Peter Verswyvelen
No I just used wrong terminology. When I said unicode, I actually meant UCS-x,
You might as well say UCS-4, nobody uses UCS-2 anymore. It's been replaced by UTF-16, which gives you the complexity of UTF-8 without being compact (for 99% of existing data), endianness-indifferent, or backwards compatibe with ASCII.
and with multi-byte-string-thing I meant VARIABLE-length, sorry about that. I find variable length chars so much harder to use and reason about than the fixed length characters.
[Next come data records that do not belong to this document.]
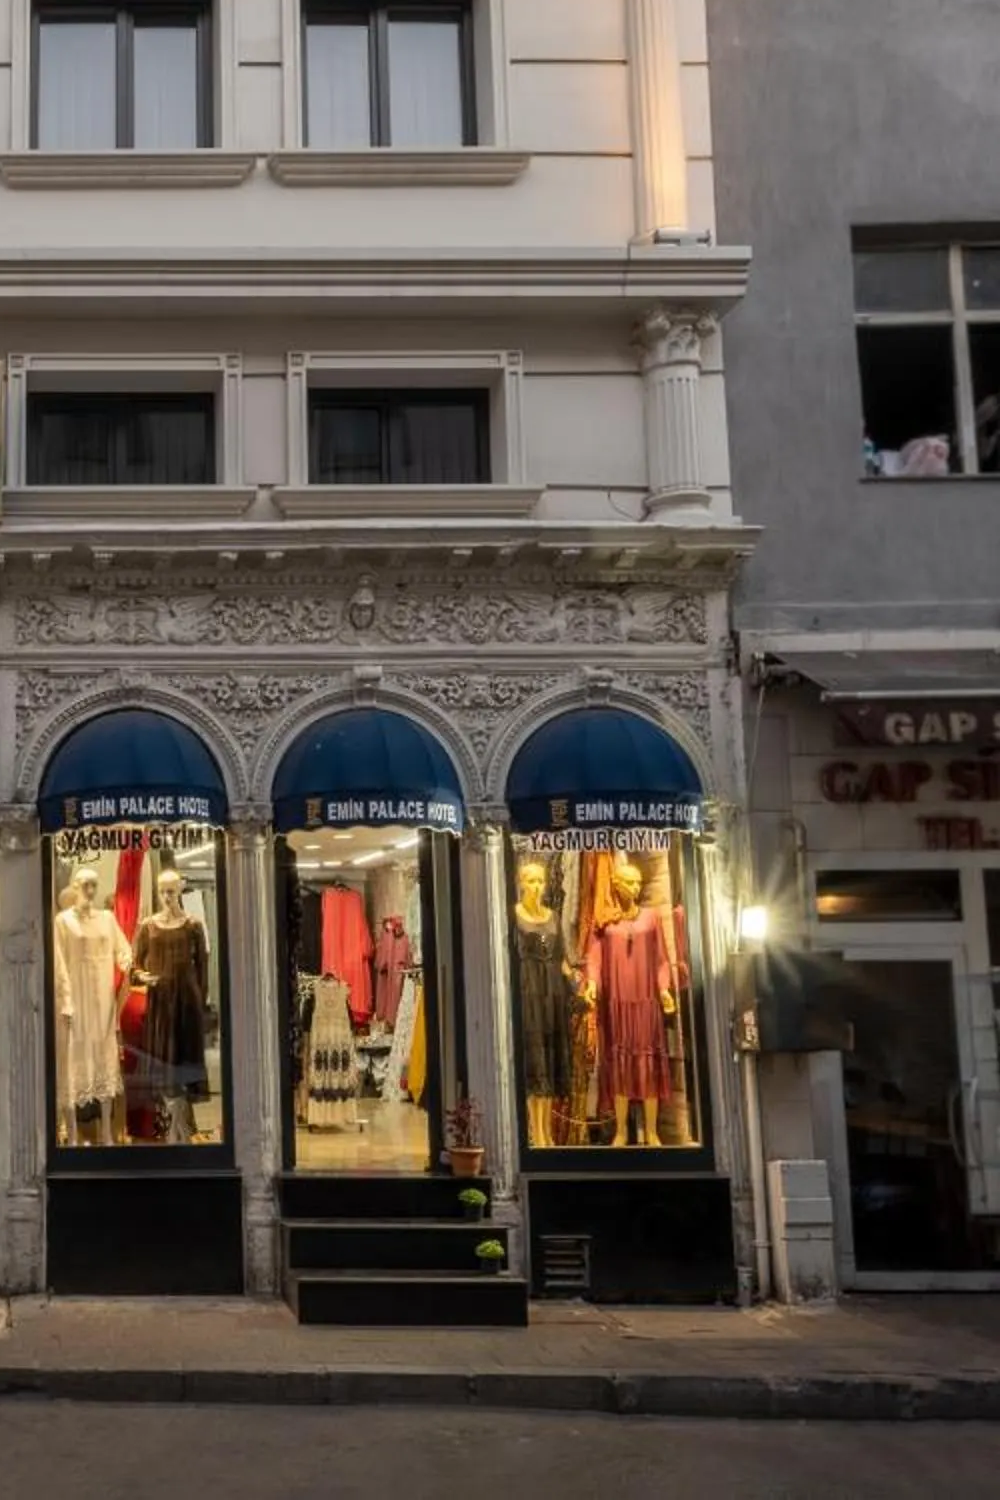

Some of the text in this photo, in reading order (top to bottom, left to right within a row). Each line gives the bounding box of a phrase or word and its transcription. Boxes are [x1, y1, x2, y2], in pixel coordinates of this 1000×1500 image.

[884, 711, 978, 744] GAP
[821, 760, 933, 803] GAP
[82, 795, 116, 819] EMİN
[119, 795, 175, 815] PALACE
[369, 800, 424, 819] PALACE
[427, 802, 457, 823] HOTEL
[619, 802, 673, 821] PALACE
UTF-x is a form of compression, which is understandable, but it is IMHO a burden (since it does not allow random access to the n-th character)
Do you really need that, though? Most formats I know with enough structure that you can pick up records by offset either encode the offsets somewhere, or are restricted to ASCII, or both.
Now I'm getting a bit confused here. To summarize, what encoding does GHC 6.8.2 use for [Char]? UCS-32?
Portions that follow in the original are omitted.